Ah, les mots ! Leur miraculeux pouvoir évocateur et émotionnel ! Les sens mystérieux qu’ils peuvent aussi parfois cacher, nous poussant à ouvrir notre dictionnaire la dixième fois que nous nous demandons: mais qu’est-ce que ça veut dire vraiment ? Mais accent, aéroport, amitié, désir, écriture, finitude, jalousie, racisme, tristesse, voyage ? Ceux-là, nous les connaissons bien.
Et pourtant. Ces mots si familiers, si courants, si discutés entre amis, ont tous une portée inattendue. Ils nous permettent certes d’exprimer ou de désigner un certain nombre de choses, mais ils revêtent toujours un caractère personnel, car ils ont tous une résonnance particulière pour chacun d’entre nous, en fonction de notre être, de notre sensibilité, de notre expérience, de notre vécu aussi.
C’est ce que s’applique à démontrer Daniel Ducharme dans un petit livre délicieux, pertinent, sensible, plein d’intelligence et de charme: Ces mots qu’on ne cherche pas. Sa démarche: décrire en quoi ces mots ont du sens pour lui et, le cas échéant, pour le lecteur.

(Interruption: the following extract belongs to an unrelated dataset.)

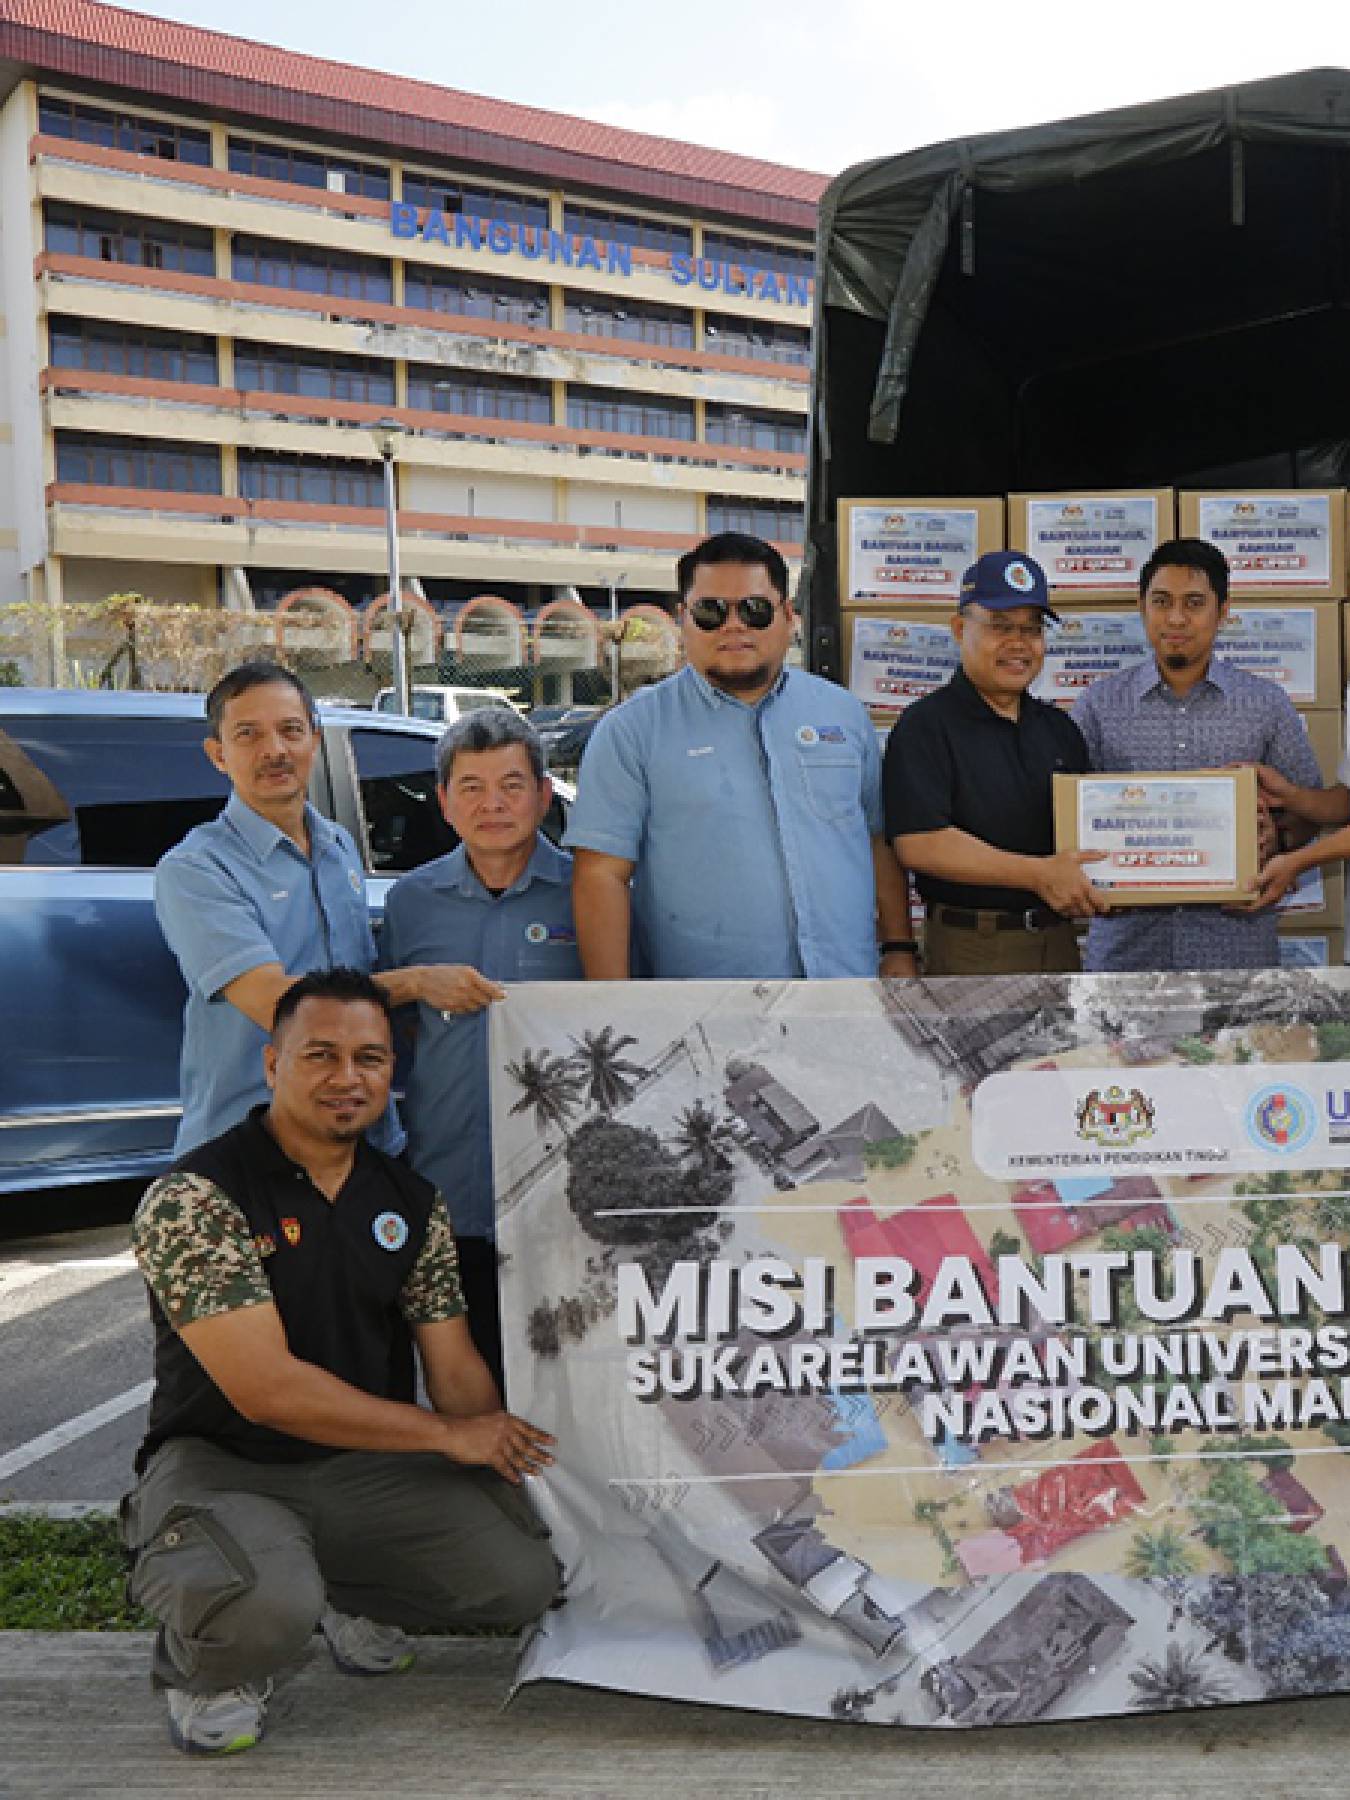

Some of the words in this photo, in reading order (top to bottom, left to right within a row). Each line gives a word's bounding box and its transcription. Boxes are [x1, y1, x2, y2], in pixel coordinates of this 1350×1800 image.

Sens, résonnance, émotion, références… En fait, confronté à un mot, chaque lecteur pourrait avoir envie d’exprimer ce que celui-ci lui inspire, en fonction de toutes sortes de réalités personnelles, et ce qui sortirait de cette analyse serait à chaque fois différent. Car si les mots nous parlent, ils peuvent aussi nous faire parler.
Mais écoutons Daniel Ducharme, écrivain par vocation, archiviste à la Bibliothèque nationale du Québec de profession, co-fondateur des éditions numériques ELP par passion. Que je vous dise d’abord ce que j’ai découvert à son sujet: Daniel est un humaniste, un moraliste, voire idéaliste, et d’autres choses encore. – Extraits choisis.

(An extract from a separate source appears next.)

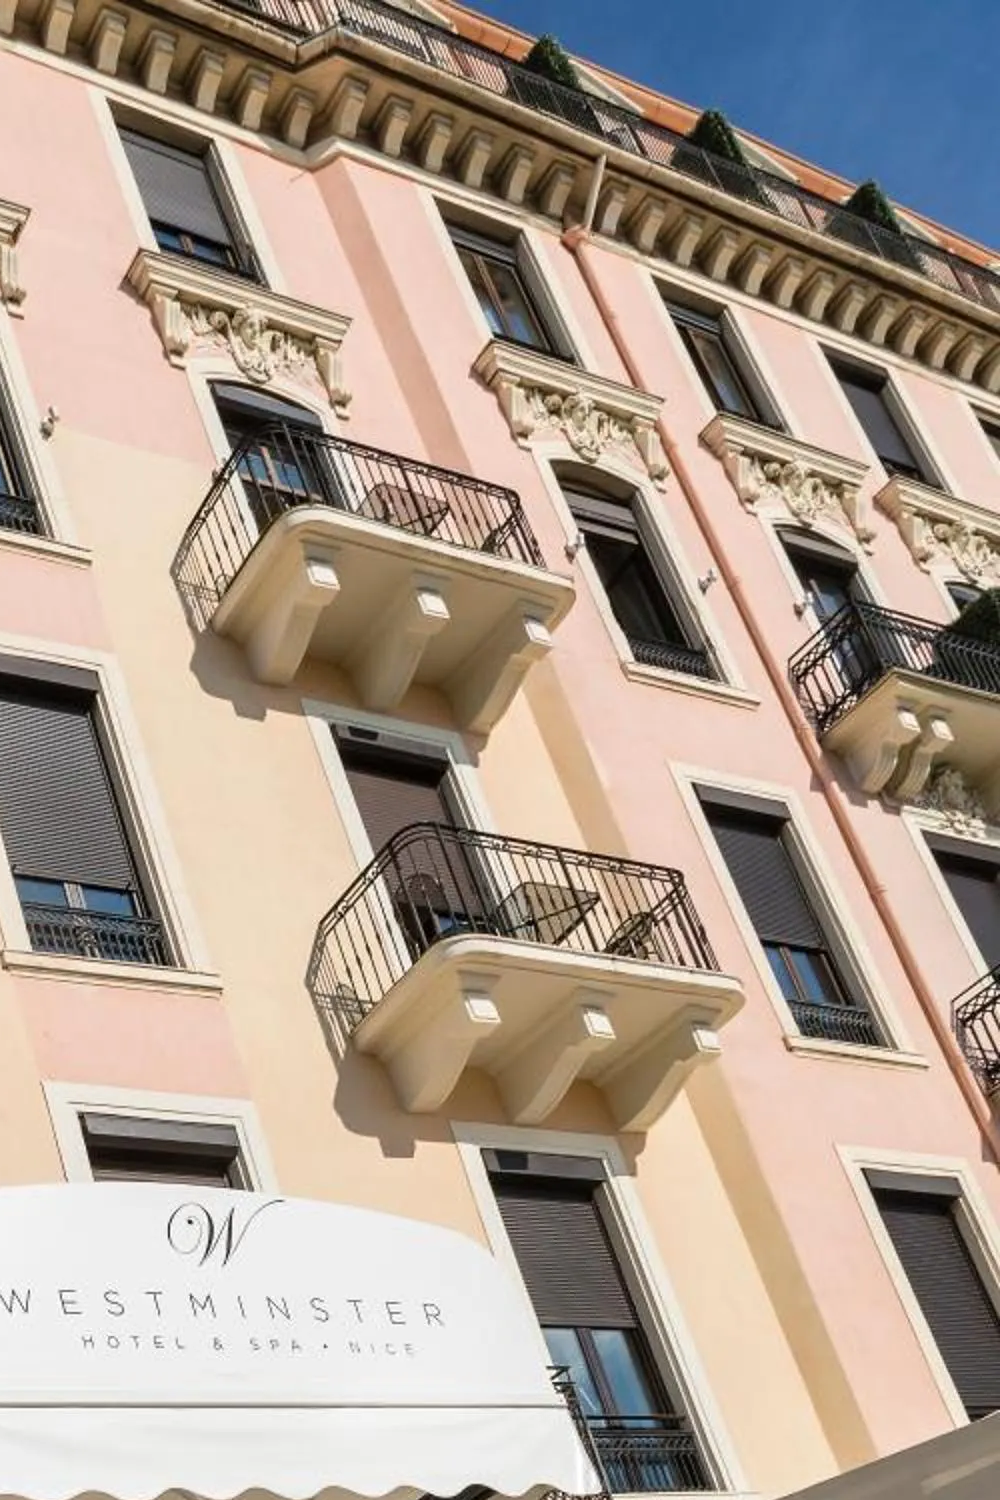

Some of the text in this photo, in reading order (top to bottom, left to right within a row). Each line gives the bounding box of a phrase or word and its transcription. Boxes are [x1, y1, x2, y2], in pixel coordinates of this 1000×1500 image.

[167, 1199, 286, 1267] W
[81, 1334, 415, 1356] HOTEL & SPA NICE

Idéaliste – Au sujet du mot frontière, il écrit: « Je suis en faveur d’un gouvernement mondial qui offrirait aux enfants de ce monde la libre circulation entre les Etats. Je milite en faveur d’un monde sans frontières. Plus de visa, plus de passeport, plus de privilèges accordés aux uns et refusés aux autres. Il faut faire un choix: socialisme ou barbarie ? J’ai fait le mien. »
Humaniste – Travail – « Quand le travail se substitue à la nature de l’humain, quand il devient ce par quoi l’homme parvient à l’Etre, quand il représente un moyen de situer un individu dans le monde, un moyen de s’élever au-dessus de ses semblables, alors je dis que le travail n’est plus ce qu’il devrait être et qu’il y a lieu de le questionner (…) »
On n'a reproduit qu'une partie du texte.